Exercise instructions
The reply should contain every line of the data, repeated exactly, and no pictures.

(Stored data entries)
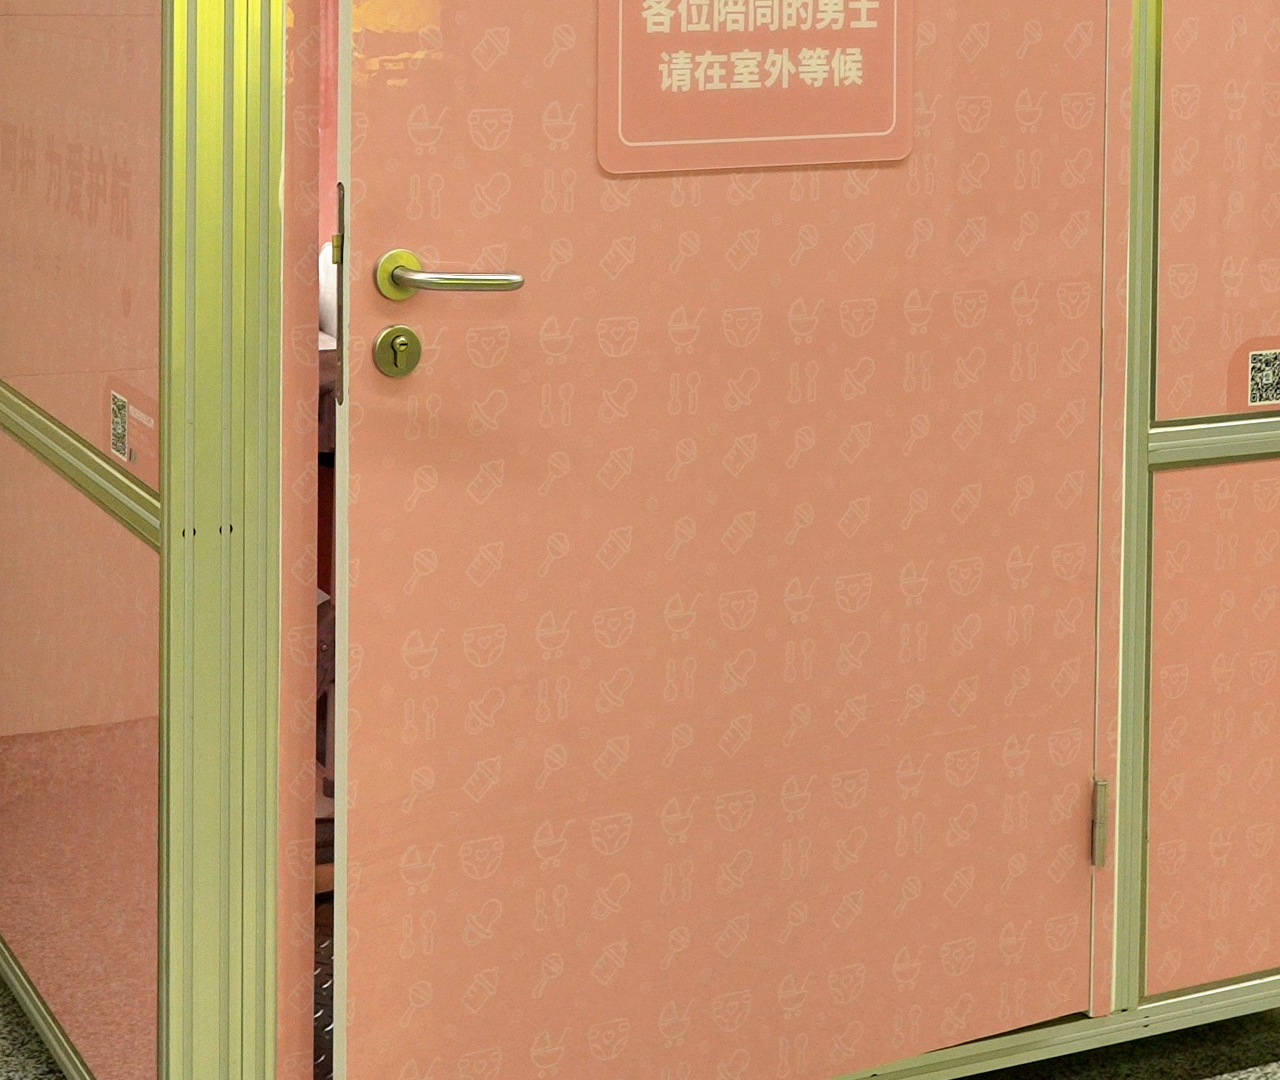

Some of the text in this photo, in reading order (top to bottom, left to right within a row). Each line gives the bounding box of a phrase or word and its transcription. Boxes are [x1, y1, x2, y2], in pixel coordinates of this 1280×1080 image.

[659, 48, 863, 92] 请在室外等候
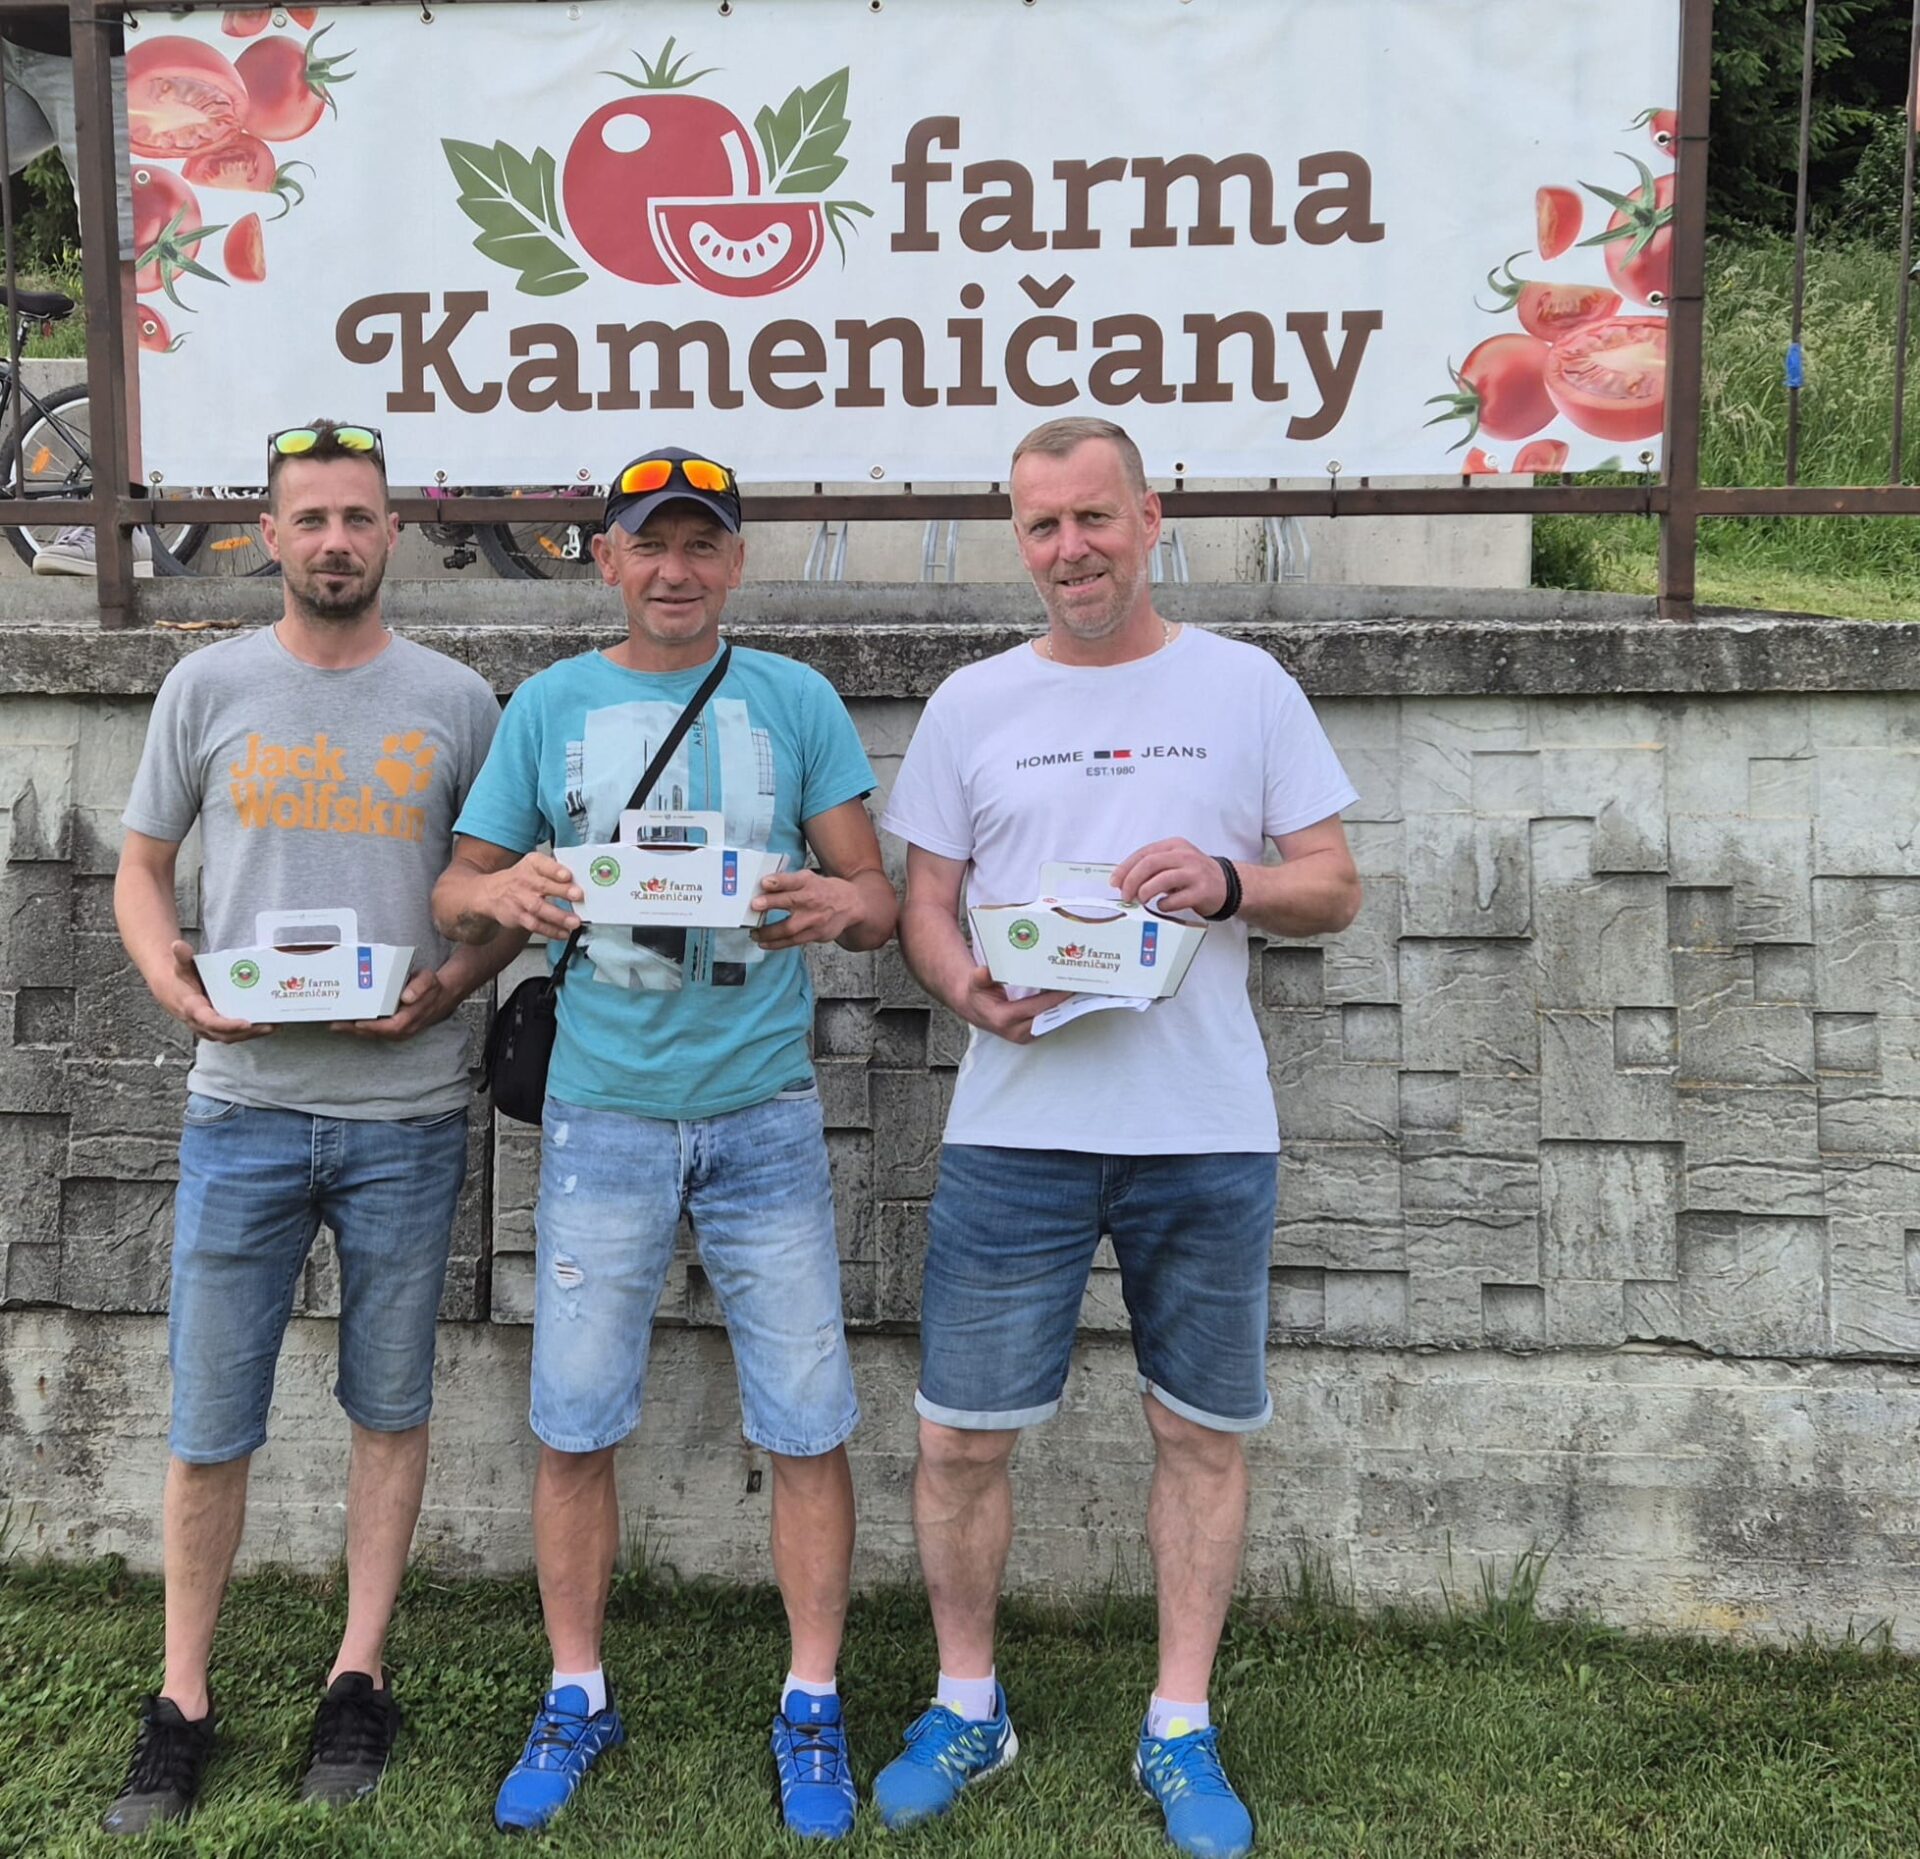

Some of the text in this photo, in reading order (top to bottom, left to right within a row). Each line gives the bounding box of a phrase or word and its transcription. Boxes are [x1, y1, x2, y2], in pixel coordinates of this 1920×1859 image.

[890, 116, 1386, 252] farma
[335, 273, 1384, 441] Kameničany
[230, 734, 346, 781] Jack
[1016, 746, 1208, 770] HOMME JEANS
[1086, 766, 1136, 777] EST.1980
[230, 782, 426, 843] Wolfskin
[669, 881, 703, 892] farma
[1087, 947, 1121, 960] farma
[308, 978, 340, 988] farma

Solution
Some of the text in this photo, in reading order (top to bottom, left to right within a row). Each line gives the bounding box of a phrase or word and its transcription. Boxes are [x1, y1, x2, y2], in pixel coordinates of this 1280×1080 image.

[659, 48, 863, 92] 请在室外等候

Some of the text in this photo, in reading order (top to bottom, left to right within a row). Each line gives the bounding box of a phrase or word and its transcription. Boxes are [x1, y1, x2, y2], in pixel coordinates of this 1920×1859 image.

[890, 116, 1386, 252] farma
[335, 273, 1384, 441] Kameničany
[230, 734, 346, 781] Jack
[1016, 746, 1208, 770] HOMME JEANS
[1086, 766, 1136, 777] EST.1980
[230, 782, 426, 843] Wolfskin
[669, 881, 703, 892] farma
[1087, 947, 1121, 960] farma
[308, 978, 340, 988] farma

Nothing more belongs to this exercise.